About the perpetrator perspective – Hilberg and Stangneth are both historians, aiming to find causal explanations for historical events. Stangneth takes up the deceiving nature of the evil doer as one element in this causality. I am not sure the researcher will necessarily be caught up in the lies and deceit that were meant for that situation.
Anyway, if one couldn’t see through them, resistance would also not be possible. So I don’t agree here.
Yes I agree that the two perspectives are needed. I can imagine a scenario (not necessarily that of Eichmann) where a bureaucrat joins a service and gets quite used to not thinking about the job beyond the technicalities. Then a whole lot of bad stuff comes through for them to process and the bureaucrat is already a slave to the machinery of the job. The bureaucrat is already habituated to thoughtlessness and so has no reason to think any more about the job than they did previously.
I think that Arendt’s whole point depends on this sort of possibility. There isn’t an evil will as such (just a lack of personal integrity or moral courage) and there isn’t any thinking directed towards the moral dimension.
I’ve met a lot of bureaucrats like this and I think of them that the only reason they aren’t an Eichmann is that the opportunity has not arisen. They are effectively slaves to a process and have become moronically habituated.
In more general terms, Angela, answering the question you are posing depends a great deal on what is meant by ‘intentionality’. Coming via the influence of Brentano and Husserl, intentionality is regarded as the ability of a mind to form representations of things, such as mental images, as well as having feelings, desires and so forth about them. Such representations and projections are called ‘intentional objects’ the inquiry into which is the aim of phenomenology.
Now if Arendt’s application of the term ‘thoughtless’ to Eichmann is interpreted this way, then lacking thought is merely a fact about Eichmann, no different to it being a fact about the chair on which he sat. And one would not imagine executing the chair for crimes against humanity.
My reading of Arendt is that she was no mere phenomenologist, and when she spoke out against thoughtlessness she was politically motivated by a different vision. Her political vision was moral at core. Thoughtlessness for her was a moral issue, and not a merely a matter of reporting on facts.

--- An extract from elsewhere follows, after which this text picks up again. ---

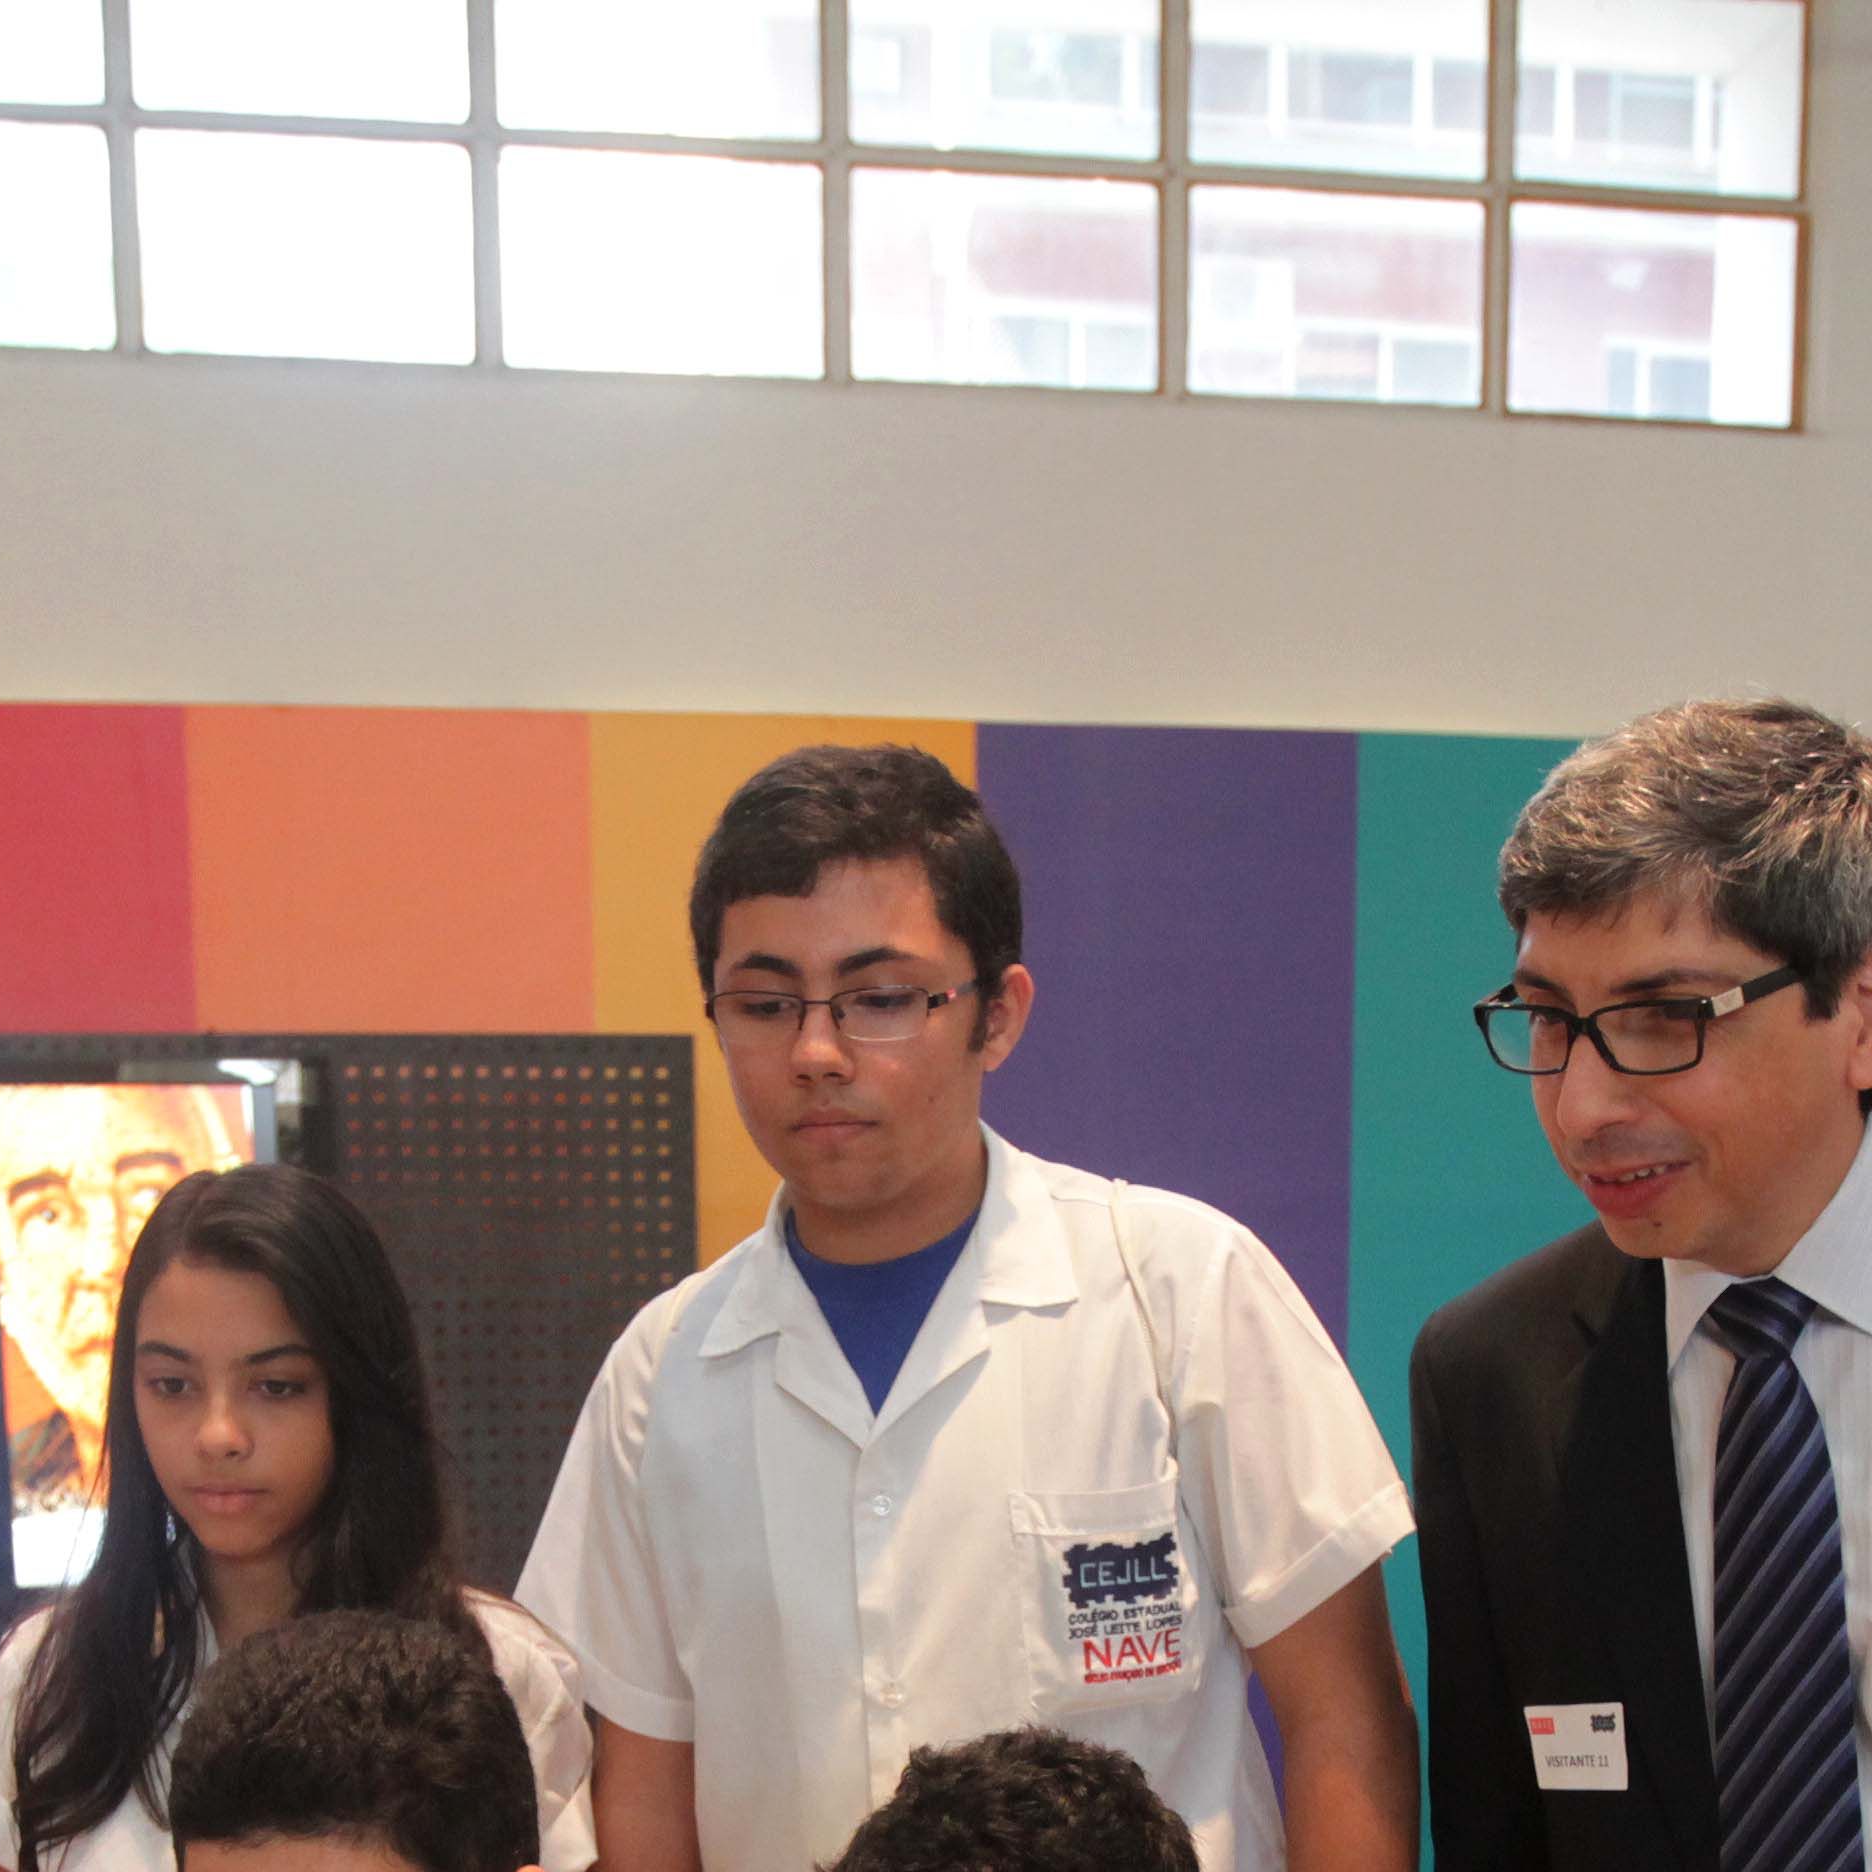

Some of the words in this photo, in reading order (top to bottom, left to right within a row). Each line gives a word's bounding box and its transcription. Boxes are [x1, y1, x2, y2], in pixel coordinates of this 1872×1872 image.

Now, it seems that Arendt has been systematically interpreted as reporting on what she saw as facts. This is because her interpreters themselves lacked the moral frameworks to understand what she was saying. (Interesting that such interpreters were typically American.)
What is needed, inspired by reading Arendt through a moral lens, is a thorough rethinking of what it meant by the term ‘intentionality’. It has to include the element of volition. Eichmann’s thoughtlessness was wilful, and this is what made what he did a crime.
Coming back now to my original response. If we consider Eichmann as having an evil will, this must mean that he willed himself not to think about what he was doing, beyond the technicalities of the bureaucratic process. The object of his will was self preservation.
The only way out of that, would have been for himself to become a victim. And the only way to become such a victim, is to will against the will to power.
Any account of intentionality that fails to consider the will is horribly deficient.